Furthermore, the invention relates to

Filter media, filter elements, and filter arrangements.

Wherein the at least one polymer network adsorbent comprises at least one functional polymer or derivative of a functional polymer comprising monomer units exhibiting a molecular mass of not more than 1200 Da.

The main embodiment regarding the application of the polymer net follows.

The invention also relates to

A method for removing contaminants from a mixture of liquid or gaseous substances, preferably from a gas,

using at least one filter, filter element or filter device comprising at least one polymeric mesh adsorbent,

wherein the at least one polymeric mesh adsorbent, comprising at least one immobilized functional polymer, retains at least one of the contaminants.

Accordingly, the present invention relates to a process for removing contaminants from a gas or a mixture of several gases using at least one polymeric mesh adsorbent.

Wherein at least one immobilized functional polymer retains at least one of the contaminants as part of the at least one polymer network.

Accordingly, the present invention relates to a method for removing contaminants from a gas or a mixture of several gases, wherein at least one immobilized functional polymer retains at least one of said contaminants.

Polymer and method of making same

For the purposes of this application, essentially any polymer or copolymer can be applied to the design of the polymer network. Even lipophilic polymers such as poly (propylene) undergo derivatization reactions, for example after treatment by etching or irradiation.

The relevant polymers are soluble in aqueous or organic liquids and are capable of derivatisation and cross-linking reactions. Polymer suspensions, preferably when dissolved during these chemical steps, are also considered to be applicable for the purposes of the present invention.

In combination with any of the above or below embodiments, the average molecular weight of the polymer is preferably from 500 to 2,000,000 daltons, more preferably from 5,000 to 1,000,000 daltons, even more preferably from 15,000 to 400,000 daltons, most preferably from 20,000 to 200,000 daltons.

In a preferred embodiment, in combination with any of the above and below embodiments, the crosslinkable polymer or copolymer, preferably the single molecule, comprises at least one functional group ("functional polymer").

The term functional polymer extends by definition to any derivative of a functional polymer. Mixtures of polymers comprising at least one molecule bearing a functional group are also defined herein.

Optionally, the functional polymer is also further derivatized.

The embodiments that follow list several functional polymers for creating a polymeric mesh, preferably providing a starting material for designing the composite, when attached to one or more carrier materials and subsequently derivatized.

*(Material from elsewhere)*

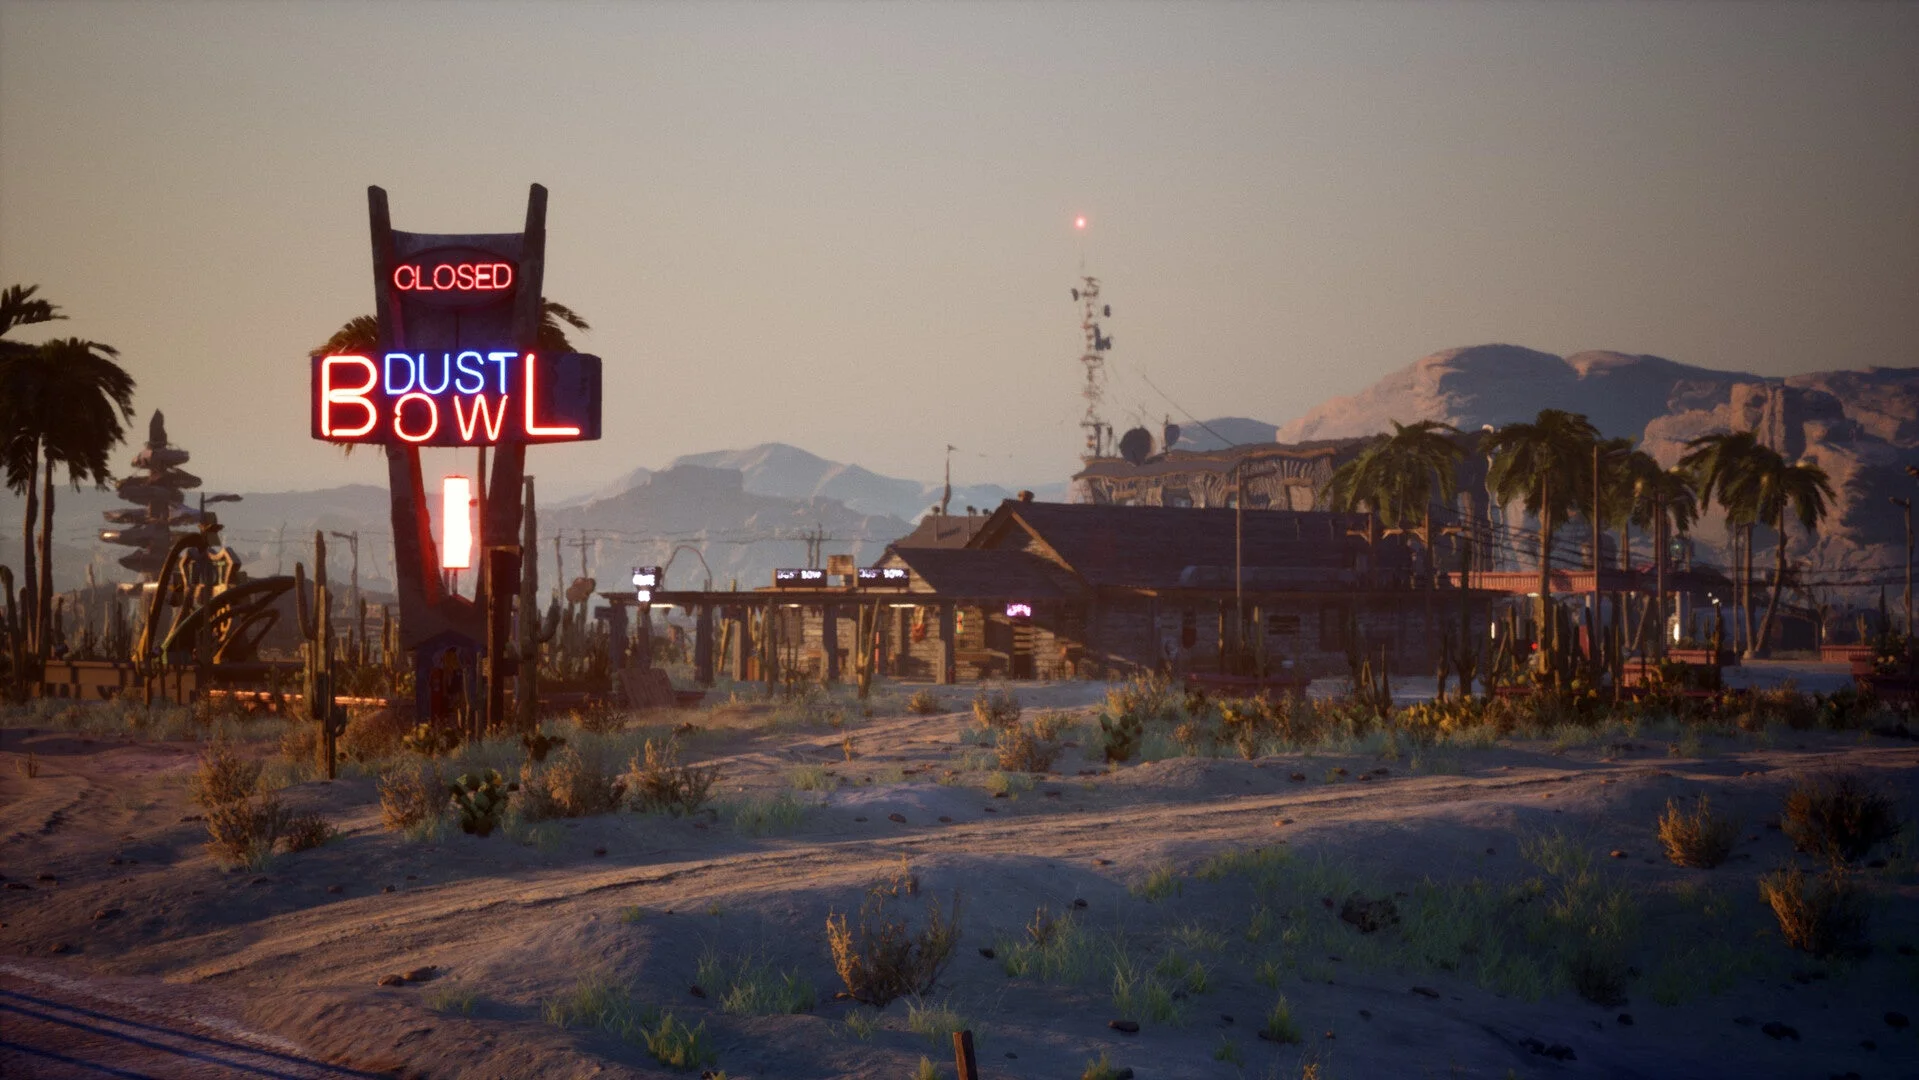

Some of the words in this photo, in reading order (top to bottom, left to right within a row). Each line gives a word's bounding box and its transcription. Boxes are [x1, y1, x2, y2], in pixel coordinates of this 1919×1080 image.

[393, 263, 512, 291] CLOSED
[383, 350, 519, 395] DUST
[320, 352, 581, 443] BOWL

Many additional combinations are possible, including any combination with synthetic prior art synthetic methods as known to the skilled person, according to the principles and rules established as given in the present application, as in the above and below embodiments.

In a further preferred embodiment, in combination with any of the above and below embodiments, the derivative of the functional polymer is applied to design a polymer network.

In a preferred embodiment, in combination with any of the above or below embodiments, the contaminant binding compound of the present application comprises at least one immobilized basic, acidic, or neutral functional polymer, preferably a polysulfonic or polyphosphonic acid compound, a polythiol, more preferably a polyamine, polycarboxylic acid, or polyalcohol, or a combination of at least two functional polymers.

Any functional polymer may also include at least two different functional groups.

Immobilization means that the polymer is immobilized on the surface of the carrier and/or in the carrier pores after treatment with a solvent for washing, equilibration and cleaning and is therefore preferably not removed during application of the composite.

In a preferred embodiment, in combination with any of the above or below embodiments, the functional polymer itself and the spent contaminants are sufficiently fixed to the surface of the filter media, preferably including disassembly of the filter element during the entire filtration process, and even when the filter is disposed of in any landfill, they cannot be removed.

Copolymers, polycondensation products (e.g., peptides and other polyamides), and oligomers or molecules having at least four identical or different repeat units are contemplated in the polymer definition of the present invention. Preferred copolymers comprise at least one poly (vinylpyrrolidone) or poly (vinyl acetate) unit.

The basic polymer is preferably a polyamine, more preferably: poly (vinylformamide-co-vinylamine); linear or branched poly (vinylamine), poly (allylamine) and poly (ethylenimine), poly-lysine, poly (vinylimidazole), polypyrrole, polyaniline; or copolymers comprising such amino polymers.

Preferred acidic polymers and related salts are poly (acrylates), poly (methacrylates), poly (styrenesulfonates), poly (vinylsulfonates), poly (phosphonates), poly (itaconic acid), poly (phosphates), poly (aspartic acid), and copolymers thereof.

Carrier material

The carrier material preferably comprises any kind of woven or non-woven tissue or fabric, or monolithic skeleton, or membrane, or comprises porous or non-porous particles, or any combination of at least two different classes of these materials.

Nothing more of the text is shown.